Where an entry contains a picture, omit the picture and repeat the rest exactly.

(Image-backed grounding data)
# # # # # # #

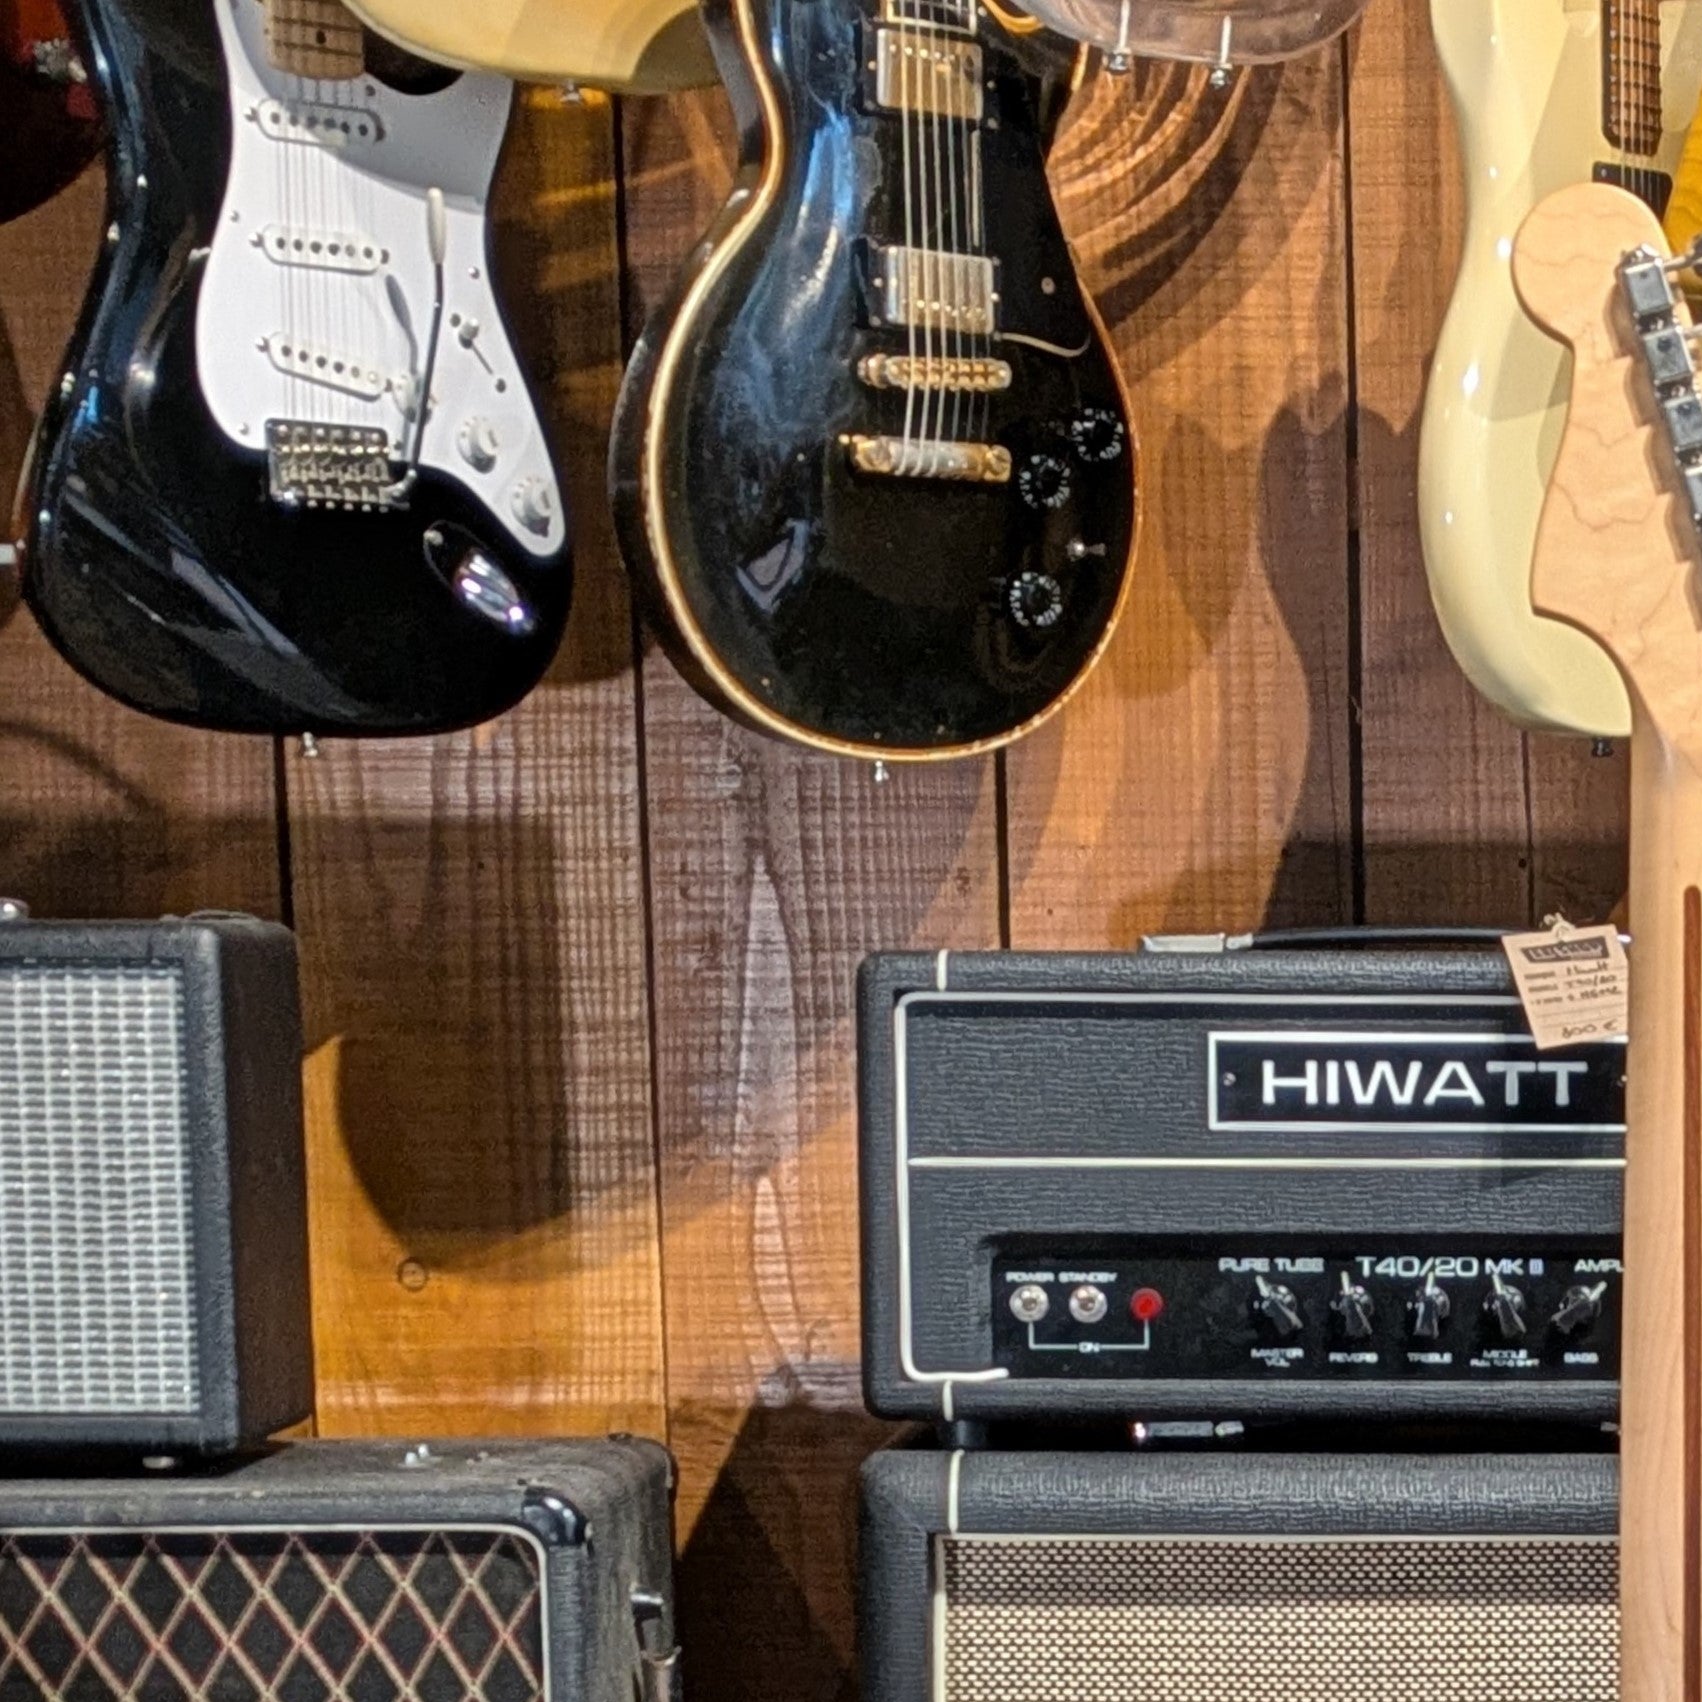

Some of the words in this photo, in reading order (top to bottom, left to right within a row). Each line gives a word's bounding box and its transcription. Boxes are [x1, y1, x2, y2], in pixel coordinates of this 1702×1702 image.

[1262, 1060, 1588, 1106] HIWATT
[1218, 1257, 1270, 1273] PURE
[1274, 1257, 1324, 1273] TUBE
[1355, 1256, 1478, 1277] T40/20
[1484, 1258, 1524, 1275] MK
[1005, 1271, 1055, 1283] POWER
[1058, 1271, 1118, 1283] STANDBY
[1329, 1352, 1378, 1363] REVERB
[1407, 1352, 1452, 1364] TREBLE
[1564, 1352, 1598, 1364] BASS

# # # # # # #

* Answer to this exercise
Some of the words in this photo, in reading order (top to bottom, left to right within a row). Each line gives a word's bounding box and its transcription. Boxes are [x1, y1, x2, y2], in pixel coordinates of this 1702×1702 image.

[1262, 1060, 1588, 1106] HIWATT
[1218, 1257, 1270, 1273] PURE
[1274, 1257, 1324, 1273] TUBE
[1355, 1256, 1478, 1277] T40/20
[1484, 1258, 1524, 1275] MK
[1005, 1271, 1055, 1283] POWER
[1058, 1271, 1118, 1283] STANDBY
[1329, 1352, 1378, 1363] REVERB
[1407, 1352, 1452, 1364] TREBLE
[1564, 1352, 1598, 1364] BASS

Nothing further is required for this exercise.